And yet the great Jewish historian Gershom Scholem blamed Arendt for her total lack of sympathy for Israel and the Jews:
In the Jewish tradition there is a concept, hard to define, and yet concrete enough, which we know as Ahabath Israel: “Love of the Jewish people…” In you, dear Hannah, as in so many intellectuals who came from the German Left, I find little trace of this. A discussion such as is attempted in your book seems to me to require – you will forgive my mode of expression – the most old-fashioned, the most circumspect, the most exacting treatment possible – precisely because of the feeling aroused by this matter, this matter of the destruction of one-third of our people – and I regard you wholly as a daughter of our people, and in no other way. Thus I have little sympathy with that tone – well expressed by the English word “flippancy”– which you employ so often in the course of your book.4
In her reply to Scholem, Arendt identifies herself with the Jews because she is both a Jew and a European:
Let me come to the point: let me begin… with what you call “love of the Jewish people” or Ahabath Israel… You are quite right – I am not moved by any “love” of this sort, and for two reasons: I have never in my life “loved” any people or collective – neither the German people, nor the French, nor the American, not the working class or anything of that sort. … What confuses you is that my arguments and my approach are different from what you are used to; in other words, the trouble is that I am independent. By this I mean, on the one hand, that I do not belong to any organisation and always speak only for myself, and on the other hand, that I have great confidence in Lessing’s selbstdenken for which, I think, no ideology, no public opinion, and no “convictions” can ever be a substitute.5
Even Jaspers questioned her view that the Final Solution of the Jewish question – massacre of European Jews – cannot be comprehended as “crime”.
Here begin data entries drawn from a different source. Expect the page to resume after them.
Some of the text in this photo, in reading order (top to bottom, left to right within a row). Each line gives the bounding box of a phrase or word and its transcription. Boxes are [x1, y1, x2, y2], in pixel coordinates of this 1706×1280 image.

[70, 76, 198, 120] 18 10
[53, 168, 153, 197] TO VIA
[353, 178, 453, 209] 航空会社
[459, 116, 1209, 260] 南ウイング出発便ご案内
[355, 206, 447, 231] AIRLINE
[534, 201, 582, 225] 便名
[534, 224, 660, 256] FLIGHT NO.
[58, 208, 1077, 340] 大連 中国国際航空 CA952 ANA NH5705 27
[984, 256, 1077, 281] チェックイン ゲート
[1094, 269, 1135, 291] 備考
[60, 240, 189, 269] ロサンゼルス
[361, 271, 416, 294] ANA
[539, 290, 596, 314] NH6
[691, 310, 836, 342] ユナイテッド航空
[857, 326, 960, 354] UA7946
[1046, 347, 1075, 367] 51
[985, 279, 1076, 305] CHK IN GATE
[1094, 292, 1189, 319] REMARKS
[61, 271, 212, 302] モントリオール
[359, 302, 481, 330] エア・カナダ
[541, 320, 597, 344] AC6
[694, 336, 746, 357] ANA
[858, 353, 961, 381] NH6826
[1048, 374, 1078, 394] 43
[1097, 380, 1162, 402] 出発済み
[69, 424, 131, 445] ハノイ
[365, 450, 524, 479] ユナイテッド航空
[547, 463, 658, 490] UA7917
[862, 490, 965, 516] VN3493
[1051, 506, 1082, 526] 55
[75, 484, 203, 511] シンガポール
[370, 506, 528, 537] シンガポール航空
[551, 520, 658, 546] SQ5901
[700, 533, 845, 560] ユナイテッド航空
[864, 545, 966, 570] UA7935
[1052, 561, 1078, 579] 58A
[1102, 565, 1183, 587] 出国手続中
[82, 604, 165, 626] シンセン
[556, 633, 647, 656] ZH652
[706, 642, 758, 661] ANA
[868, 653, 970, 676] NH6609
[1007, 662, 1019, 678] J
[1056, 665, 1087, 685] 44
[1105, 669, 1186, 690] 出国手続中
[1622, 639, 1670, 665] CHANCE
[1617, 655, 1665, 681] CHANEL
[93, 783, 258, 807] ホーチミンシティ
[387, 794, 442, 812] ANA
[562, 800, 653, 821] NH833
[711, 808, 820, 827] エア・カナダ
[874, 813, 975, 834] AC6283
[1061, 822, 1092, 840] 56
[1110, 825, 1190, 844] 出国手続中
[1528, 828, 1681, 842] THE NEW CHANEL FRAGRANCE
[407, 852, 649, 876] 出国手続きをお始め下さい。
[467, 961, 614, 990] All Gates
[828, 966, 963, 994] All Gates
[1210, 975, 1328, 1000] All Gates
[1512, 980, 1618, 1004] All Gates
You say that what the Nazis did cannot be comprehended as “crime” – I’m not altogether comfortable with your view, because a guilt that goes beyond all criminal guilt inevitably takes on a streak of “greatness” – of satanic greatness – which is, for me, as inappropriate for the Nazis as all the talk about the “demonic” element in Hitler and so forth. It seems to me that we have to see these things in their total banality, in their prosaic triviality, because that’s what truly characterises them…Your view is appealing – especially as contrasted with what I see as the inhuman innocence of the victims. But all this would have to be expressed differently. The way you do express it, you’ve almost taken the path of poetry. And a Shakespeare would never be able to give adequate form to this material – his instinctive aesthetic sense would lead to falsification of it – and that’s why he couldn’t attempt it. There is no idea and no essence here.6
I now want to follow this. Let’s imagine then that Shakespeare attended the trial of Eichmann in Jerusalem. The great Shakespeare, who can say everything, everything, everything exactly as it is, could he have portrayed Eichmann as sequel to Iago or Macbeth or Richard III? The answer is No. A character like Eichmann, who carries out the Final Solution of the Jewish question out of duty because it expresses Hitler’s will, such character was unknown to Shakespeare and therefore he could have never given voice to it. For a poet buys this power of words to utter all the grim inner secrets of others at the cost of a little secret he cannot utter, and Shakespeare could not think himself into and grasp the yawning abyss of emptiness in which raged the dark passions of Eichmann.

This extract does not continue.